Entropy Measures the Mess: It quantifies how "mixed up" your data is. A perfectly pure group has an entropy of $0$ . A 50/50 split is a total mess with an entropy of $1$ . Lower is always cleaner!
Maximize Information Gain: Information Gain (IG) is simply the drop in entropy after a split. At every step, calculate the IG for all remaining features and greedily pick the one that cleans up the data the most.
One and Done (No Re-use): Once you split on a feature, cross it off the list for that specific branch. You can never split on the exact same feature twice down the same path.
The Stopping Conditions: Stop growing a branch when all remaining examples belong to the exact same class (a pure leaf), or when you completely run out of features to test.

Step 1: The Training Data

Before calculating recursive splits, we must define the dataset. The ID3 algorithm evaluates each feature to predict the target class (Approved).

Data Point	Credit_History	Employment	Income_Level	Owns_Property	Approved
P1	Good	Stable	High	Yes	Yes
P2	Good	Stable	Medium	No	Yes
P3	Poor	Unstable	Low	No	No
P4	Poor	Stable	Medium	Yes	No
P5	Good	Unstable	High	Yes	Yes
P6	Poor	Unstable	High	No	No
P7	Good	Stable	Low	No	Yes
P8	Poor	Stable	Low	Yes	No
P9	Good	Unstable	Low	No	No
Target	Good	Unstable	Medium	No	?

Want to edit this data in the live solver?

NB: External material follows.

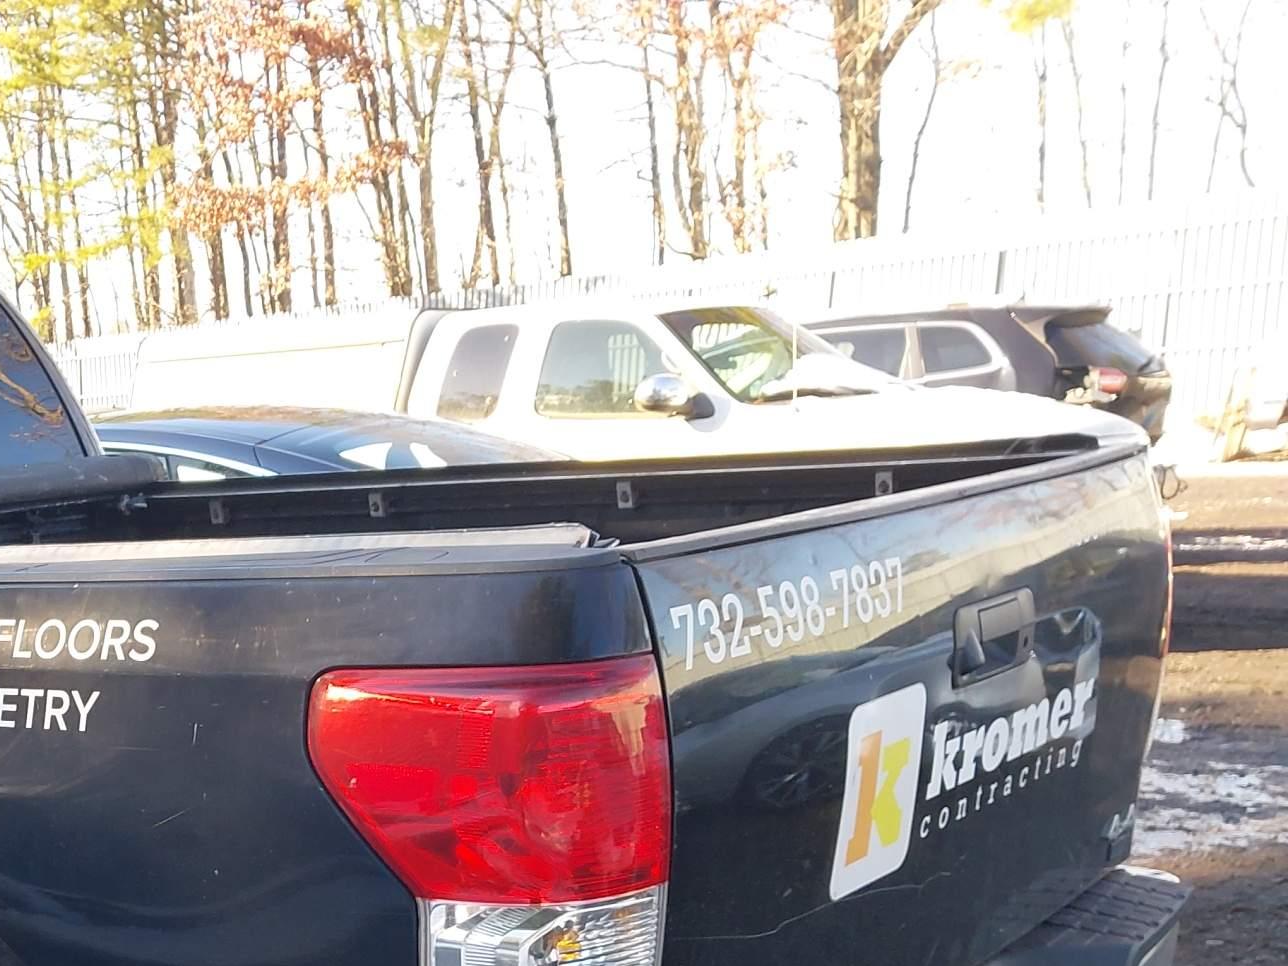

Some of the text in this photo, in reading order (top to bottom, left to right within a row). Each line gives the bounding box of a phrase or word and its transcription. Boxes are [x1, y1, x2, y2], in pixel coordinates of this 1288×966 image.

[669, 556, 903, 671] 732-598-7837
[919, 739, 1082, 839] contracting
[925, 676, 1096, 801] kromer

Step 2: Recursive Splitting (Entropy & Gain)

To build the tree, we recursively calculate the Entropy of the system and find the Information Gain for every available feature. The feature with the highest gain becomes the splitting node.

Iteration 1

Context: Root

1. Entropy of Target Class, Entropy(S)

Formula:

\text{Entropy}(S) = - \dfrac{P}{P+N} \log_2\left(\dfrac{P}{P+N}\right) - \dfrac{N}{P+N} \log_2\left(\dfrac{N}{P+N}\right)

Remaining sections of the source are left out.